Non so quando sia cominciato tutto, ma ricordo perfettamente la prima volta in cui ho capito che c’era qualcosa che non andava. Avevo circa ventitré anni, lavoravo in un negozio in centro, ero da sola dietro al bancone e all’improvviso ho sentito un vuoto nello stomaco. Non fame, non giramenti. Un vuoto. Come se mi mancasse qualcosa, come se stessi per svenire, come se stessi perdendo il controllo.
La prima reazione? Ho aperto un pacchetto di cracker e li ho mangiati uno dopo l’altro, tremando. Mi sono detta: “Mi è scesa la glicemia”. E da quel giorno è iniziato l’inferno.
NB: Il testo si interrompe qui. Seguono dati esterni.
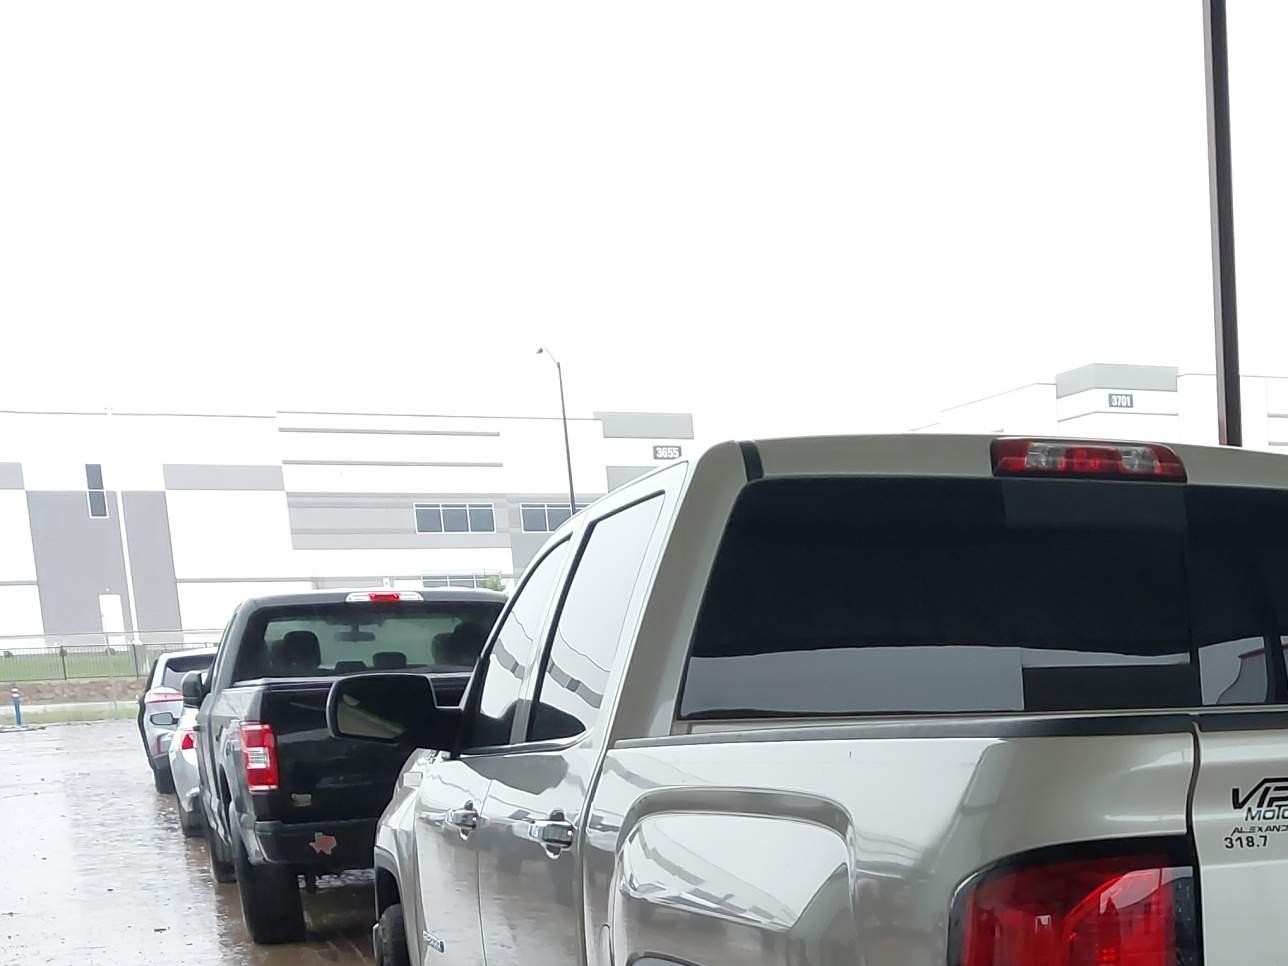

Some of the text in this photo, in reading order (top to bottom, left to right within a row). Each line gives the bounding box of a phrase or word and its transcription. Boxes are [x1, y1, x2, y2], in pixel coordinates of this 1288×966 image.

[1111, 394, 1131, 407] 3701
[655, 446, 680, 458] 3655
[1223, 835, 1268, 849] 318.7
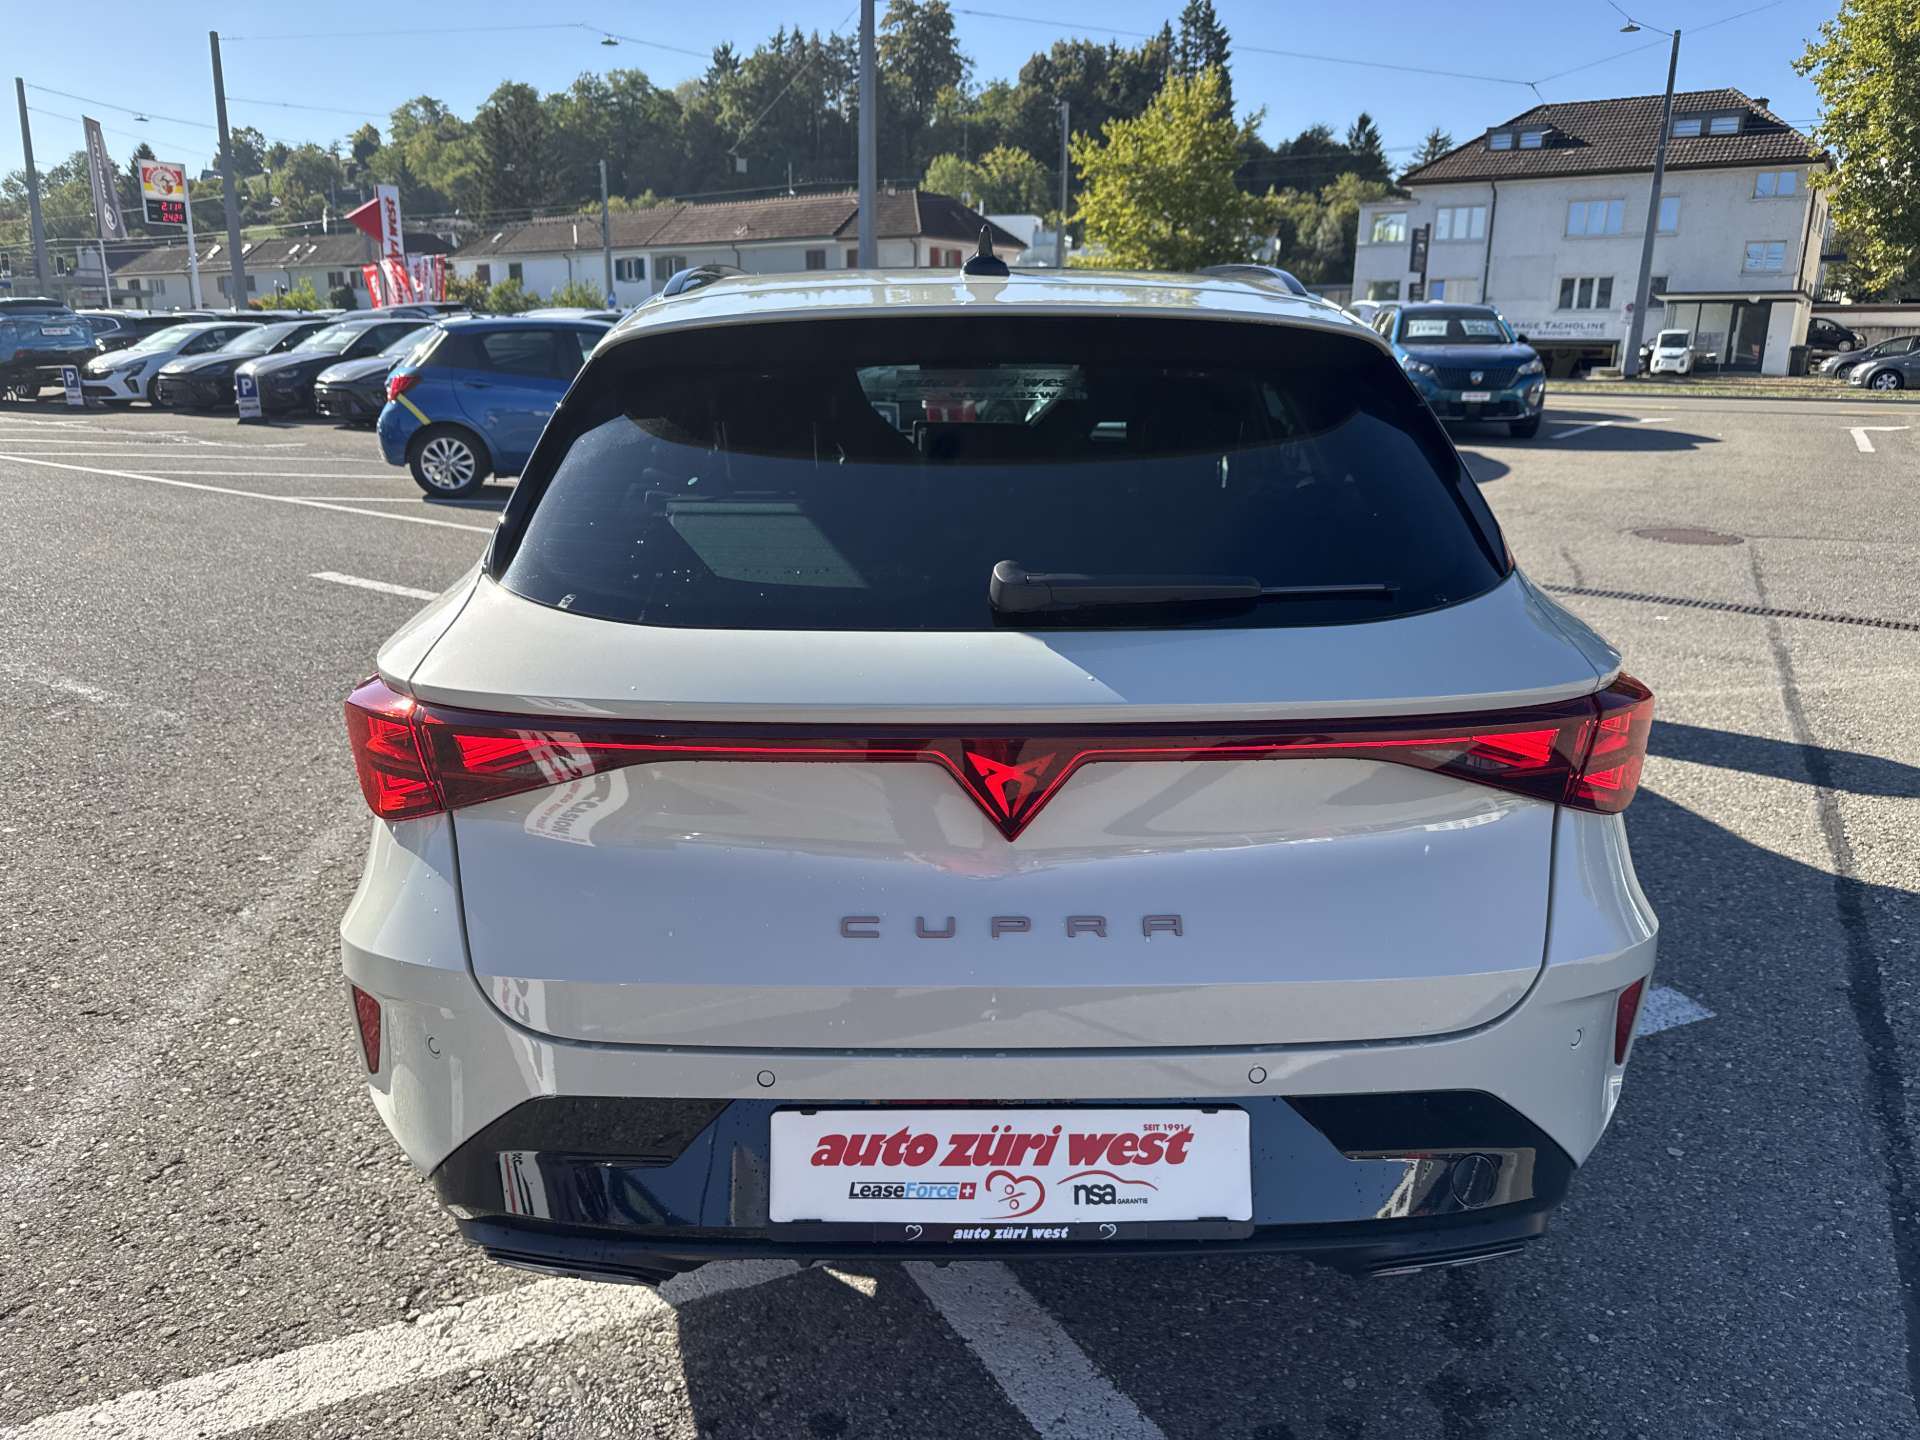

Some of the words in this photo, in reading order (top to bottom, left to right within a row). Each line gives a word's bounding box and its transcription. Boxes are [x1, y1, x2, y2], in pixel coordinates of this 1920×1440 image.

[66, 371, 75, 387] P
[241, 378, 252, 395] P
[840, 915, 1184, 939] CUPRA
[1143, 1123, 1160, 1132] SEIT
[1163, 1123, 1185, 1132] 1991
[810, 1125, 938, 1167] auto
[939, 1124, 1063, 1167] züri
[1068, 1124, 1194, 1167] west
[849, 1182, 959, 1198] LeaseForce
[1073, 1184, 1117, 1206] nsa
[1117, 1197, 1148, 1205] GARANTIE
[953, 1227, 991, 1239] auto
[993, 1226, 1029, 1239] züri
[1032, 1226, 1069, 1239] west
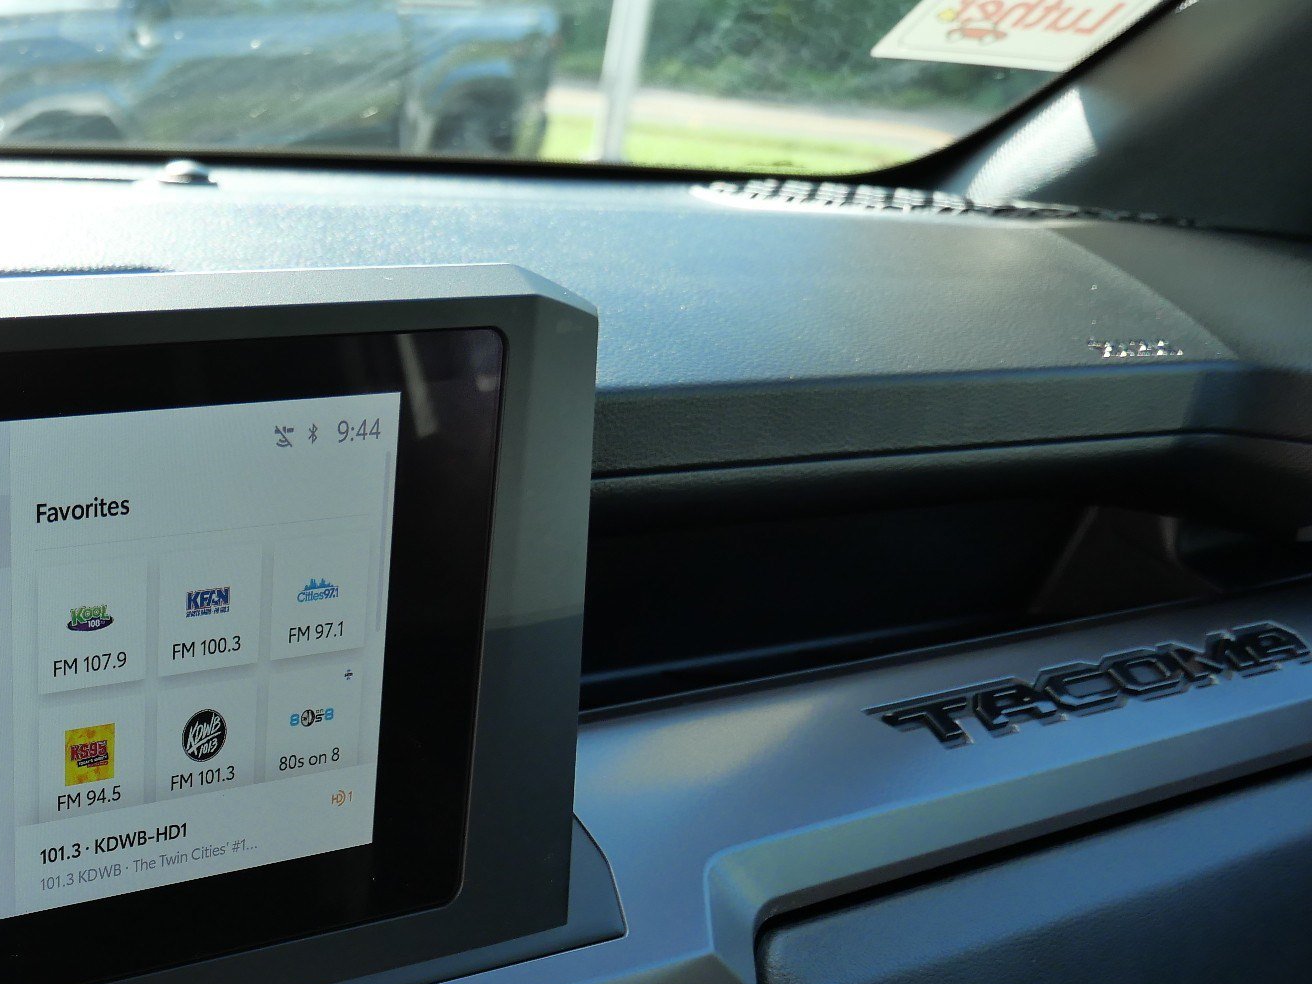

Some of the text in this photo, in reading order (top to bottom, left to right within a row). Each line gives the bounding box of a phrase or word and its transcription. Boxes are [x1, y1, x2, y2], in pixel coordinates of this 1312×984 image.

[337, 418, 381, 443] 9:44
[36, 497, 130, 523] Favorites
[288, 621, 344, 643] FM 97.1
[172, 636, 241, 660] FM 100.3
[53, 651, 127, 677] FM 107.9
[864, 620, 1311, 747] TACOMA
[279, 747, 340, 771] 80s on 8
[170, 766, 235, 791] FM 101.3
[57, 785, 121, 811] FM 94.5
[40, 823, 188, 864] 101.3 KDWB-HD1
[40, 873, 74, 891] 101.3
[78, 863, 122, 885] KDWB
[133, 857, 157, 873] The
[159, 851, 188, 869] Twin
[191, 841, 230, 861] Cities'
Perché ogni giorno, più volte al giorno, quel vuoto tornava. E ogni volta la mia testa diceva: devi mangiare subito o svieni. Da lì ho cominciato a portarmi dietro cibo ovunque: barrette, fette biscottate, frutta secca, succhi di frutta. Ne avevo nello zaino, in borsa, nel cassetto del lavoro, perfino nel cruscotto della macchina.
Mangiavo in continuazione, ma non era fame vera. Era una fame che veniva dalla paura.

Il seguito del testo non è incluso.